CloudLock CyberLab has just released a new report detailing how 1% of end users are directly responsible for 75% of the overall security risks associated with cloud computing. These results were compiled in a CloudLock’s 3rd quarter cybersecurity report.
The report focuses on one of the weakest links in your cloud computing security scheme: the end user. CloudLock compiled data from over 10m users, which accumulated over 1 billion files that spanned across 90,000+ different applications.
Within these findings, CloudLock details some pretty alarming facts. For example, CloudLock found that clear text passwords existed within files and folders in almost every organization that it polled. CloudLock reports that it was finding on average, 4,000 instances per organization where a password was stored in a clear text manner.
CloudLock goes on to define this risky 1% of users as being end users that have tremendous privileges on your network such as developers, service accounts and super privileged end users. Within CloudLock’s report, it goes on to say that 52,000 “Risky” cloud app installs were detected to be installed by privileged users. CloudLock followed up saying that this number should be zero, given the fact that these accounts are essentially the keys to the kingdom.
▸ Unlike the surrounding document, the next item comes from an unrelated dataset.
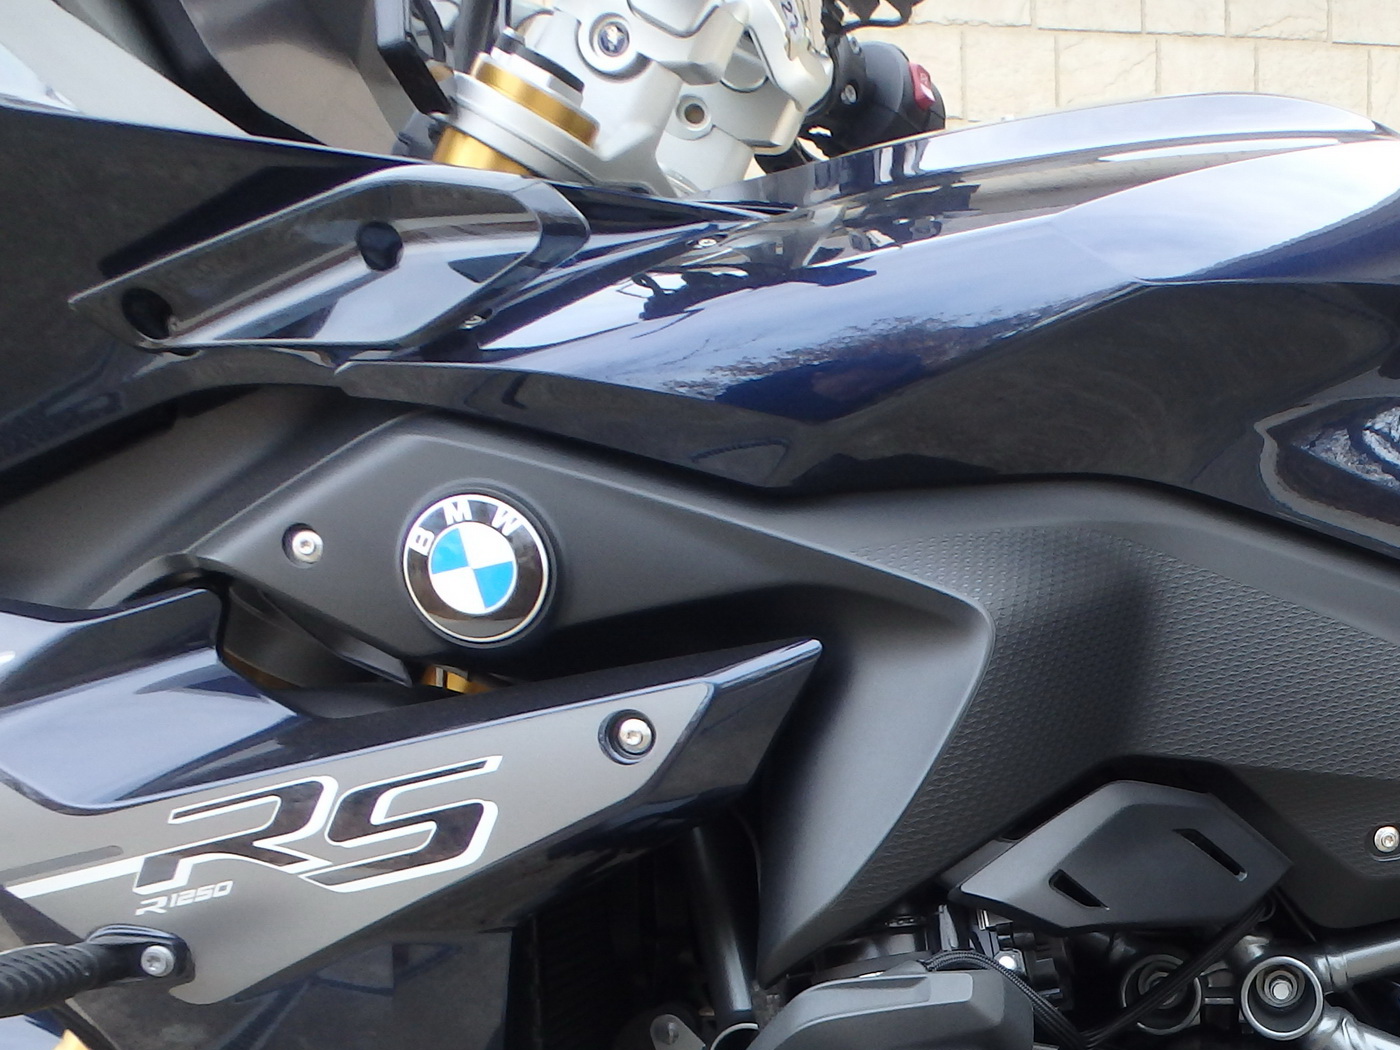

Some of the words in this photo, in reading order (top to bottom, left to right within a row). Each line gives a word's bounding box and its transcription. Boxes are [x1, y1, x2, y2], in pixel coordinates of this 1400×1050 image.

[408, 500, 523, 556] BMW
[131, 755, 503, 893] RS
[135, 880, 234, 916] R1250
“Cyber attacks today target your users – not your infrastructure. As technology leaders wake up to this new reality, security programs are being reengineered to focus where true risk lies: with the user,” claims CloudLock CEO Gil Zimmermann.
“The best defense is to know what typical user behavior looks like – and, more importantly, what it doesn’t,” adds Zimmermann.
CloudLock says that the best way to reduce risk to identify risky users and engage them within the security process. CloudLock mentions that with one of its clients, it reduced cybersecurity risks by 62% in one day.